Whether you're seriously dating, engaged, or married, Good Friday can be an opportunity for you and your significant other to reflect on the meaning of authentic love: willing the good of the other as other. That is what Christ did for each of us on the Cross, and it is what we are all called to do for our brothers and sisters. Those who are called to marriage are vowed to this kind of sacrificial love, no matter how painful it might be at times. To that end, we've put together a collection of short meditations on the Cross, all from the writings of our beloved theologian/Pope Emeritus/spiritual grandfather: Joseph Ratzinger. 

1. "Only love purifies us and gives us the ability to see."  

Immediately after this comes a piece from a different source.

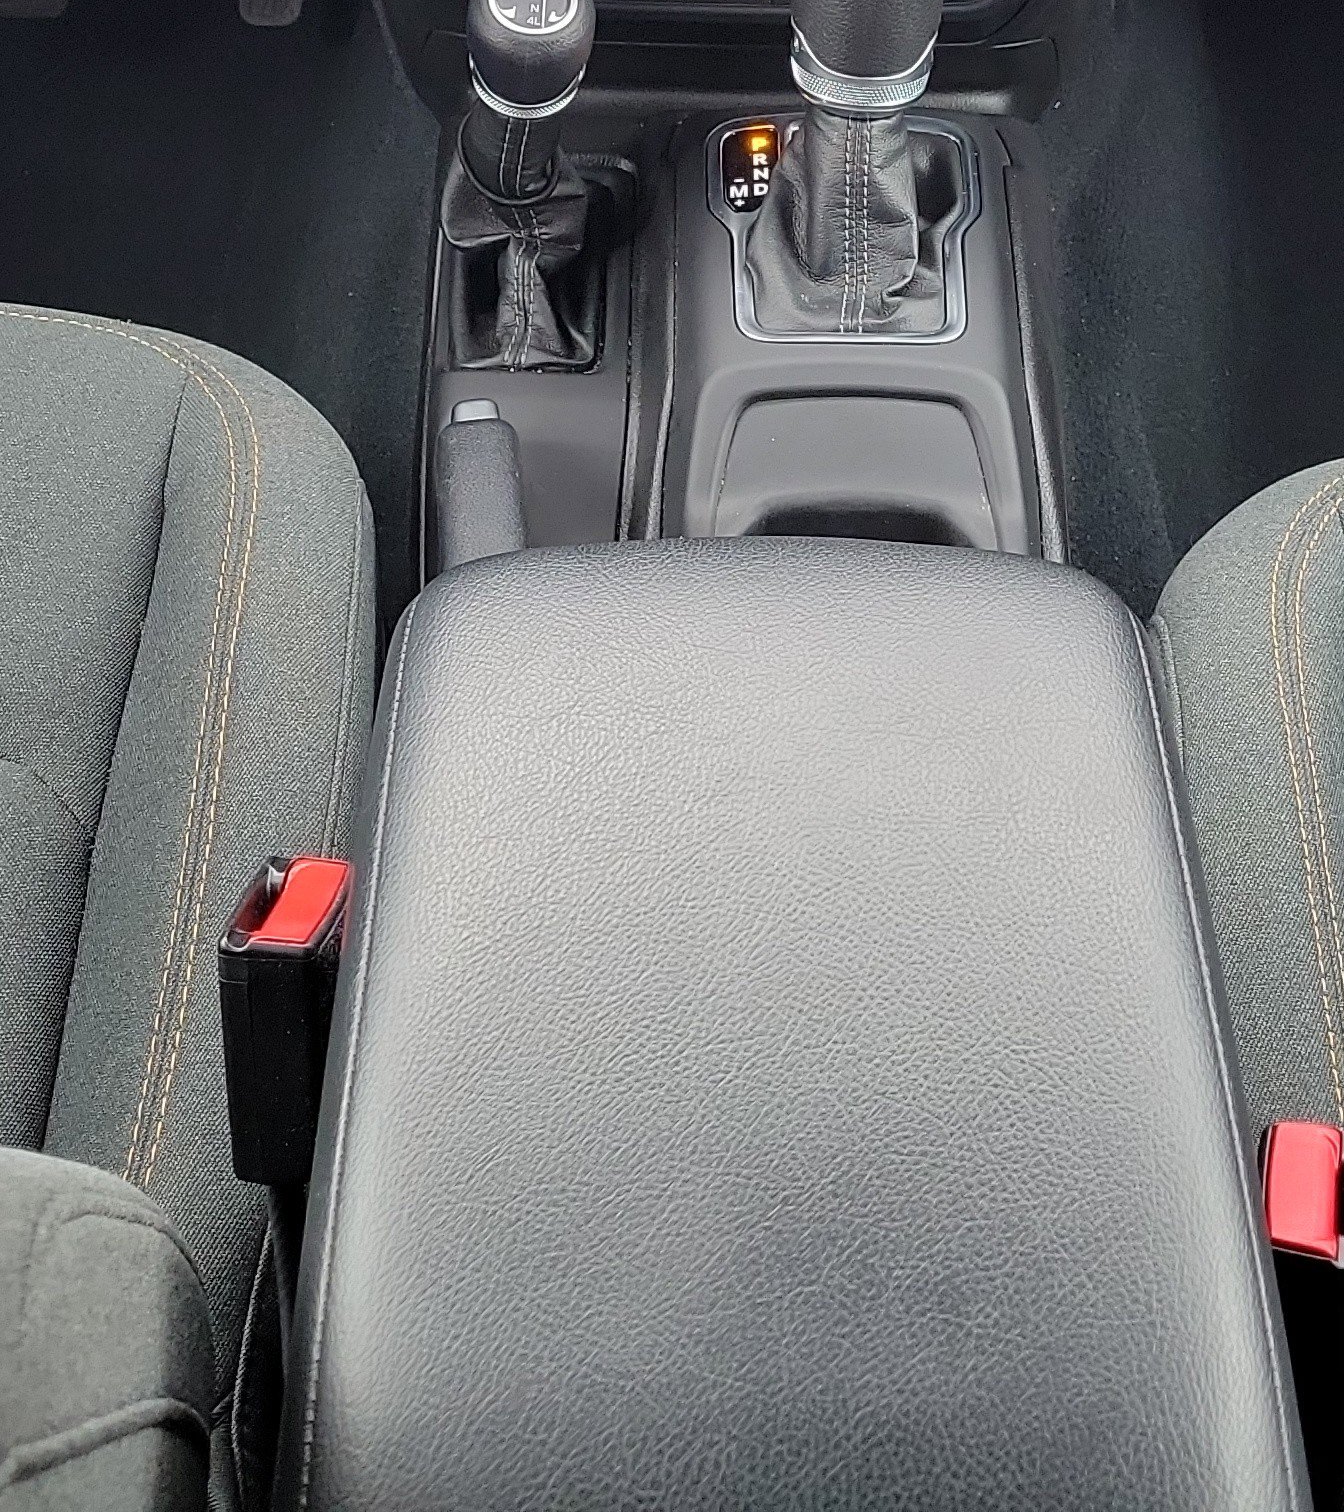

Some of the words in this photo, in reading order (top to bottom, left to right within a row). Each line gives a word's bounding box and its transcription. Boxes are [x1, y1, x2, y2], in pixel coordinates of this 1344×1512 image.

"Your face, Lord, do I seek. Hide not your face from me" (Psalm 27:8-9). Veronica -- Bernice, in the Greek tradition -- embodies the universal yearning of the devout men and women of the Old Testament, the yearning of all believers to see the face of God. On Jesus' Way of the Cross, though, she at first did nothing more than perform an act of womanly kindness: she held out a facecloth to Jesus. She did not let herself be deterred by the brutality of the soldiers or the fear which gripped the disciples. She is the image of that good woman, who, amid turmoil and dismay, shows the courage born of goodness and does not allow her heart to be bewildered. "Blessed are the pure in heart," the Lord had said in his Sermon on the Mount, "for they shall see God" (Matthew 5:8). At first, Veronica saw only a buffeted and pain-filled face. Yet her act of love impressed the true image of Jesus on her heart: on his human face, bloodied and bruised, she saw the face of God and his goodness, which accompanies us even in our deepest sorrows. Only with the heart can we see Jesus. Only love purifies us and gives us the ability to see. Only love enables us to recognize the God who is love itself. (Joseph Ratzinger, Meditations on the Stations of the Cross)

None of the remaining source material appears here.